To all members of Pigeons.com

Changes in the Wind!

Pigeons.com name has changed to: 
http://www.pigeon-life.net 

The Pigeons.com identity is being changed to better reflect what this site has evolved into - the protection and care of pigeons on this planet. My vision is to shift the focus even more so and to that end I have a few changes planned that I'd like to share with you.

First, the website will soon be redesigned to reflect this emphasis. 

The site name will be changed to www.Pigeon-Life.net - I have reserved several additional domain names to make sure people and search engines will continue to find us. Pigeonlife.net, Pigeonlife.com and Pigeon-Life.com.
My intention is to rebrand the site as www.Pigeon-Life.net and would appreciate your help in keeping the new brand representation pure. 
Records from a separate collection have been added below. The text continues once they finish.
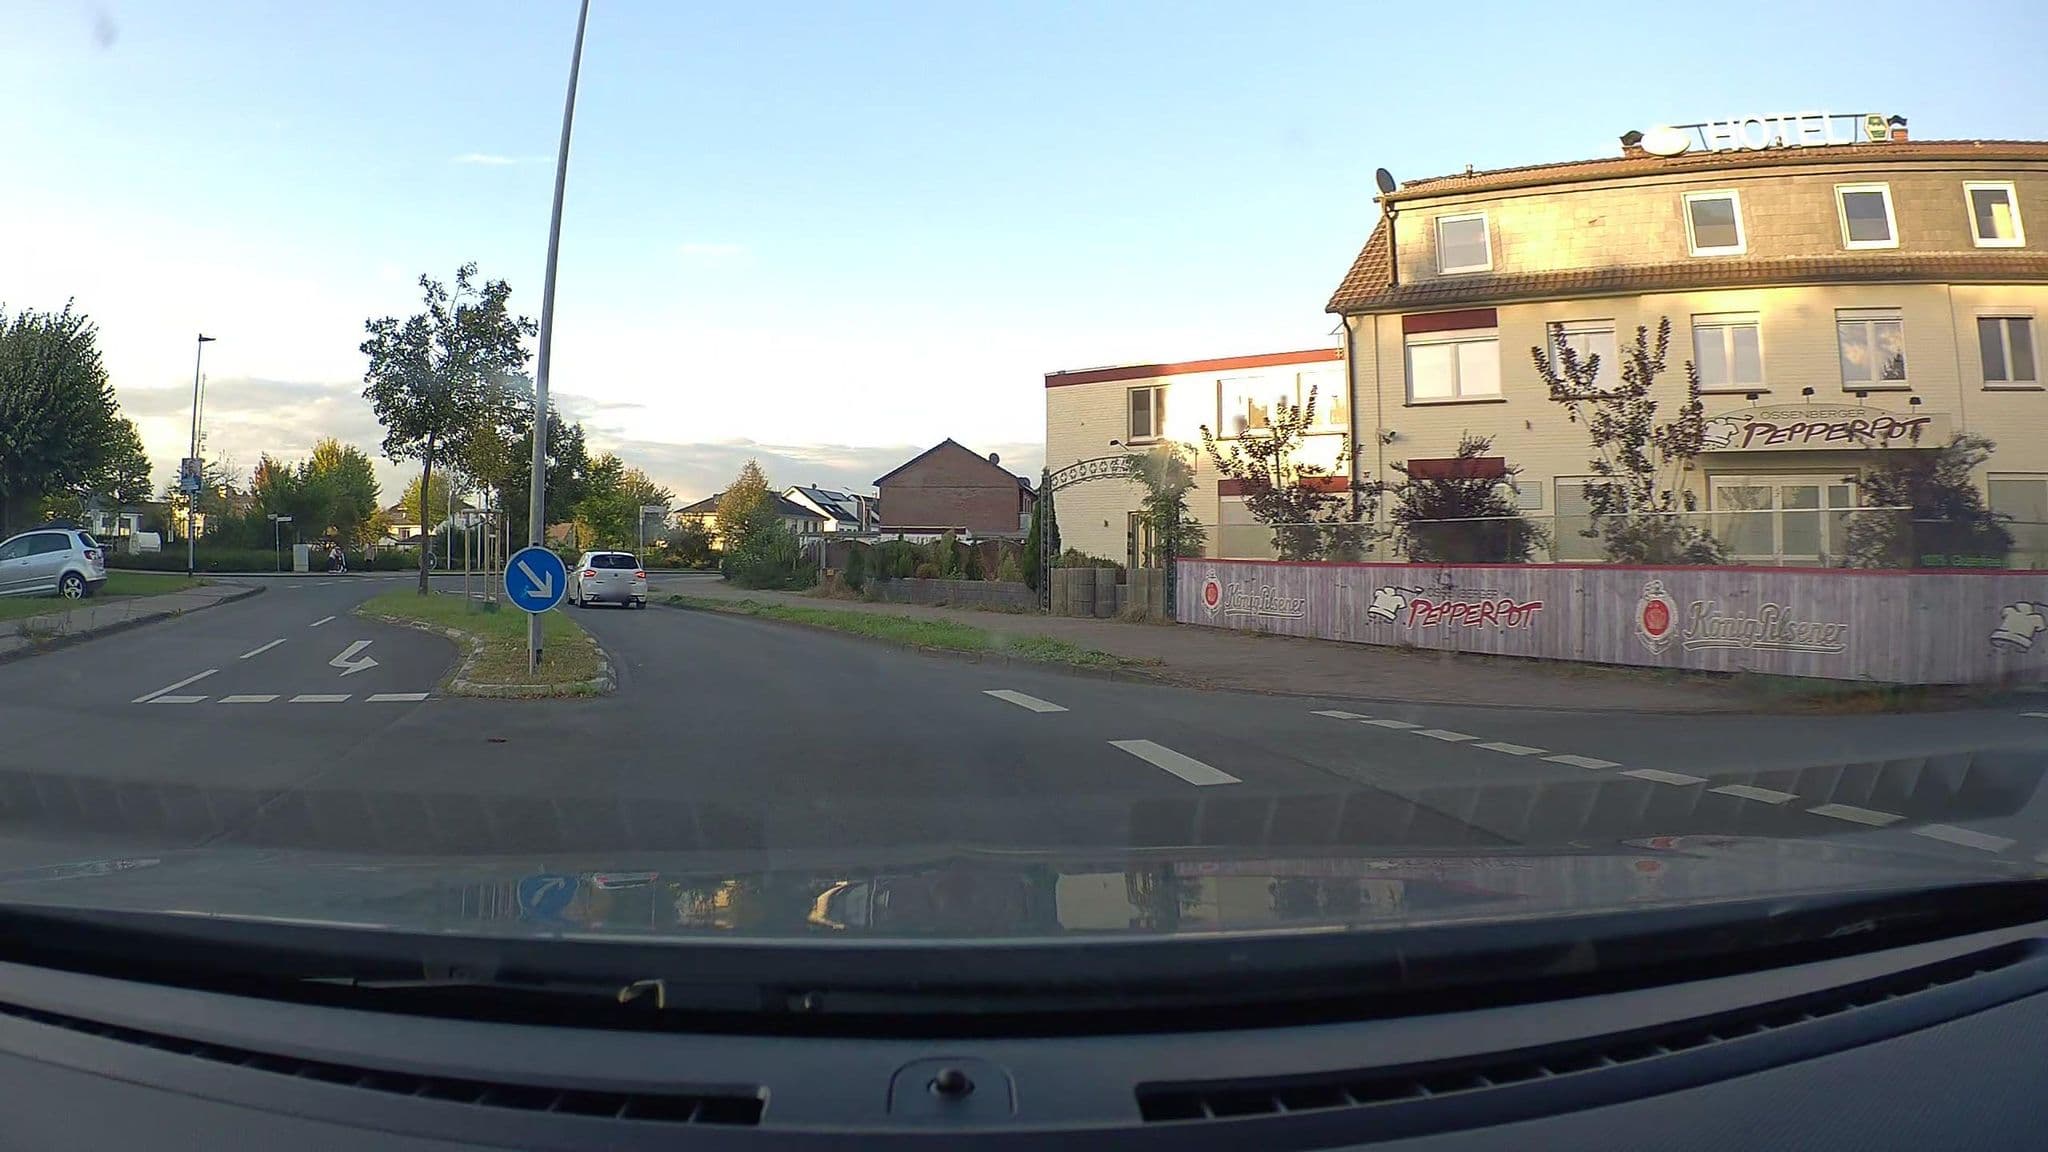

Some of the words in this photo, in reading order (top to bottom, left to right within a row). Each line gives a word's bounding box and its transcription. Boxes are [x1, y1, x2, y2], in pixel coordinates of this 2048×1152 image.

[1708, 113, 1851, 153] HOTEL
[1760, 409, 1866, 420] OSSENBERGER
[1741, 416, 1931, 449] PEPPERPOT
[1260, 585, 1305, 613] Pilsener
[1407, 598, 1544, 630] PEPPERPOT
[1683, 600, 1757, 648] König
[1756, 602, 1848, 647] Pilsener
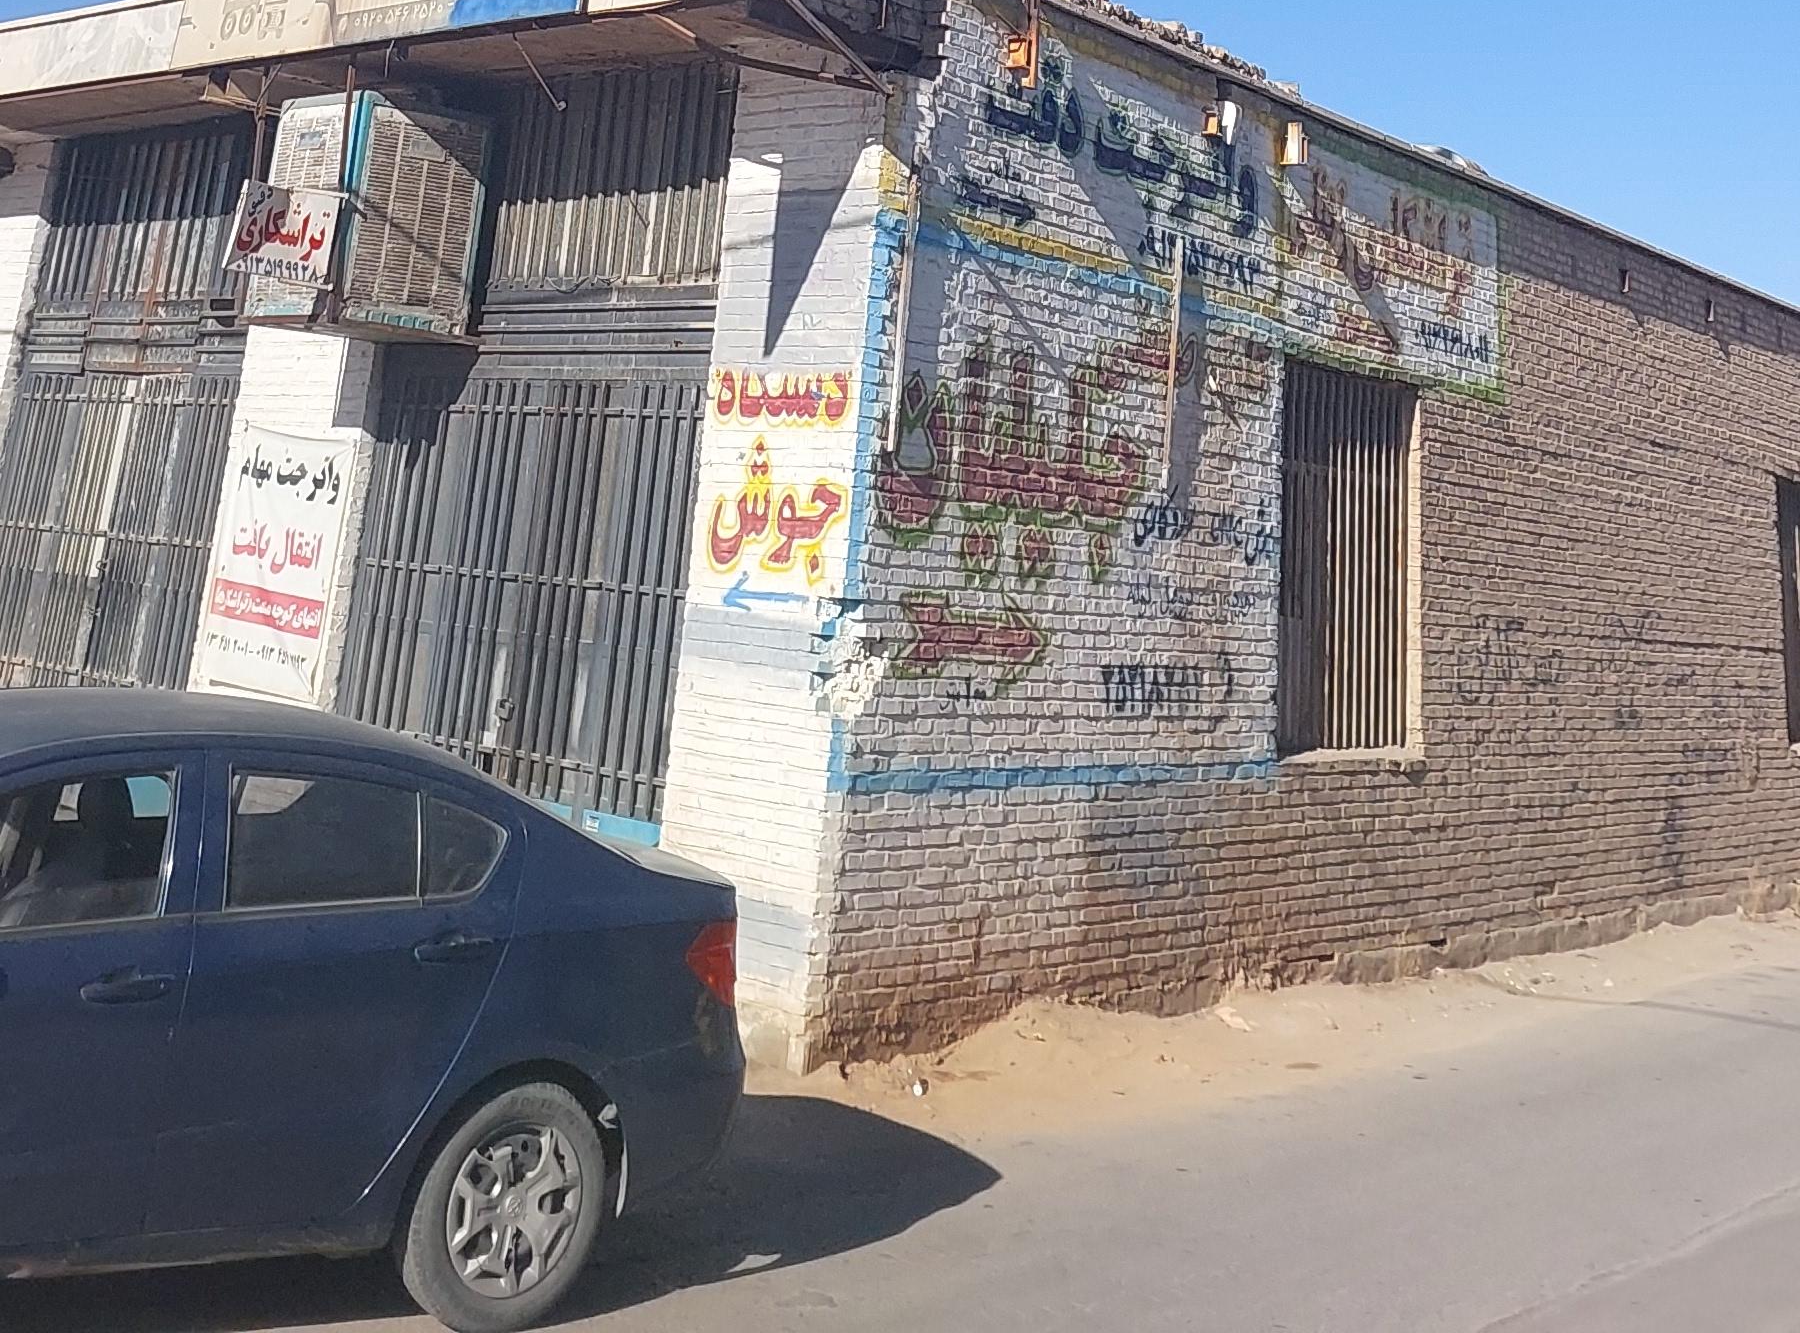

The Pigeon-Talk Forum was not so long ago reorganized to support this vision. Consequently the format, design and philosophy will continue as it is today.

We will be sending out e-mail to all members regarding this name and location change, but in the mean time, we would appreciate all of your help in getting the word out. 

I also want to thank you each for your dedication and contributions to the daily cause and success of this web site. The site has achieved truly amazing results on behalf of pigeons and those who love them, the world over, thanks to all of you.

We have truly become a Pigeon-Life Net. 

Pigeons Forever.
BigBird
Carl


----------



## pdpbison (Mar 15, 2005)

Hi Carl,


My address bar has always read "pigeons.biz" and not .com

At his moment, it reads, to be precise - 

http://www.pigeons.biz/forums/showthread.php?t=14705

Ummmm...so, this is confuseing for me...

Lol...

Thanks though, for letting us know...

Phil
Las Vegas


----------



## bigbird (Aug 19, 2000)

Hi Phil,
Yes, we also have the domain name Pigeons.biz however, our future goals will be to call our web site pigeon-life.net.

We are the life-net for all pigeons.

Pigeons.biz is just another link to the web site.

Regards,

Carl


----------